Similarly, other countries like China prioritized short-term socioeconomic interests over the long-term strategic management of global viruses during the 2003 SARS-CoV-1 outbreak. Such actions came after the WHO emphasizing that infectious disease prevention would be significantly cheaper than allowing outbreaks to go proliferate through continued tourist activities. The IHR, however, fails to restrain this kind of behavior.
Furthermore, most countries lack the capacity to detect new infections early, find solutions, and report them time. Even with known and existing cases, it is difficult to manage and report them following the process, especially when governments prioritize economic concerns—such as potential investment losses—over public health.
In the case of Antarctic viruses, the WHO’s IHR framework is unequipped to properly address the problem.
Possible Solutions
It is important for the ATS and IHR to incorporate stronger enforcement compliance mechanisms and periodic review processes to ensure enforcement and adaptivity.
As one of the most successful products of international consensus, the Montreal Protocol on Substances that Deplete the Ozone Layer set a good example on how cooperative global commons management can become more palpable. The Protocol governs the usage of various chemicals known as ozone depleting substances (ODSs), such as chlorofluorocarbons (CFCs) and hydrochlorofluorocarbons (HCFCs). Member states are expected to phase out ODSs with alternatives in an incredibly short time period of three years. The reason behind its relative success lies in its regular assessments and gradual target adjustments.
The Protocol’s previous successes provide some guidance on how to modify the ATS to improve their assessments and targets, and IHR to provide funding support. While the ATS does include mechanisms for periodic target adjustments, the countries’ vetoing powers hinders their effectivene implementation. This happened during one meeting where some voted to prohibit most oil discharges. The ATS can ban the mechanism that every country has the veto power. This can lead to wiser and efficient decision making to regulate Antarctic tourism.
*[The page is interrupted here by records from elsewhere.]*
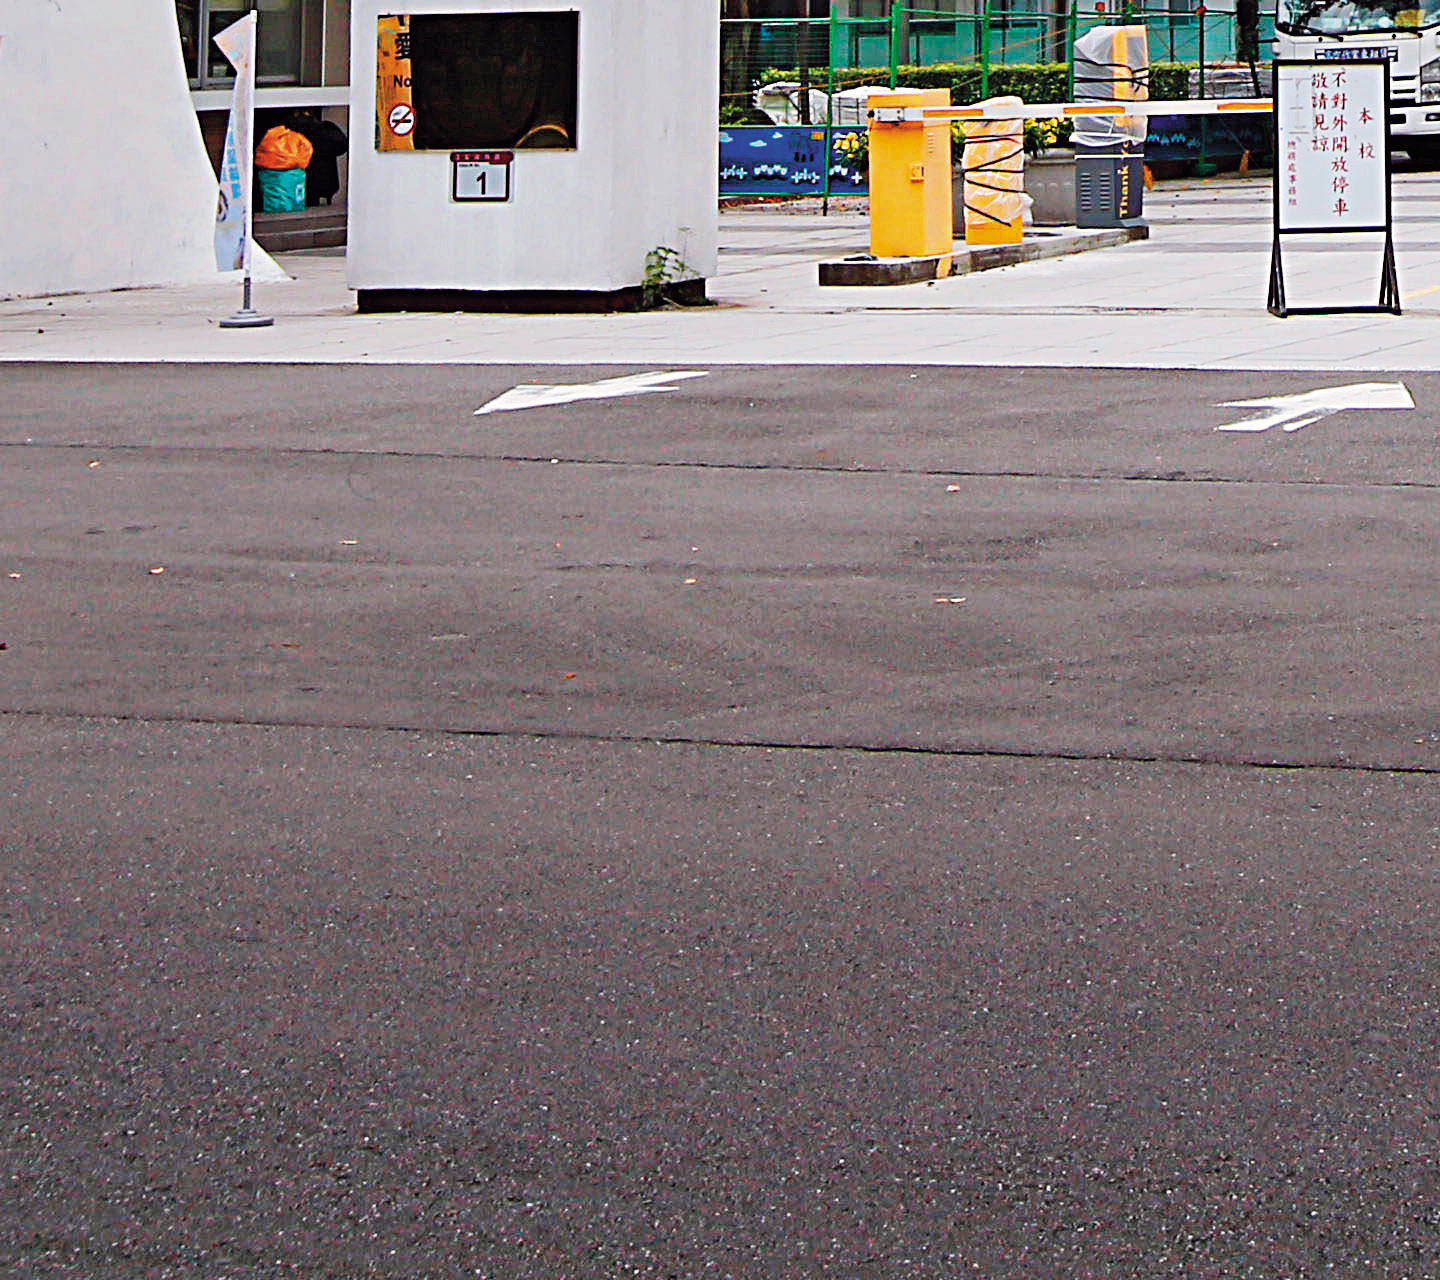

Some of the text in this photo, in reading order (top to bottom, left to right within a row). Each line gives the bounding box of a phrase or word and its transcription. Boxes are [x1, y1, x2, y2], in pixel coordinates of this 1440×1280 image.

[1311, 73, 1329, 152] 敬請見諒
[1359, 108, 1376, 159] 本校
[1331, 71, 1349, 216] 不對外開放停車
[476, 171, 486, 195] 1
[1118, 166, 1128, 217] Thank
Furthermore, the Protocol’s Multilateral Fund (MLF) provides financial and technical help to developing countries. For instance, under the help of MLF, India’s foam sector achieve huge process in phasing out the consumption of HCFCs. Since the WHO’s Independent Panel argued that countries with low- or middle-income need financial support for pandemic preparedness, providing countries with economic relief can result in higher compliance rates with IHR provisions.
Conclusion
The global community is facing the implicit threat from Antarctic viruses living under the Antarctic ice sheet, which is an important global commons. Even though several challenges remain, the problem can be relieved by modifying the ATS and the IHR. Inserting legal binds, limiting the veto power, and periodically updating the policy could effectively improve governance. However, there is still a long road that we need to pass in order to optimize the regulations, as the obstacles like competing national interests need hard tries to overcome.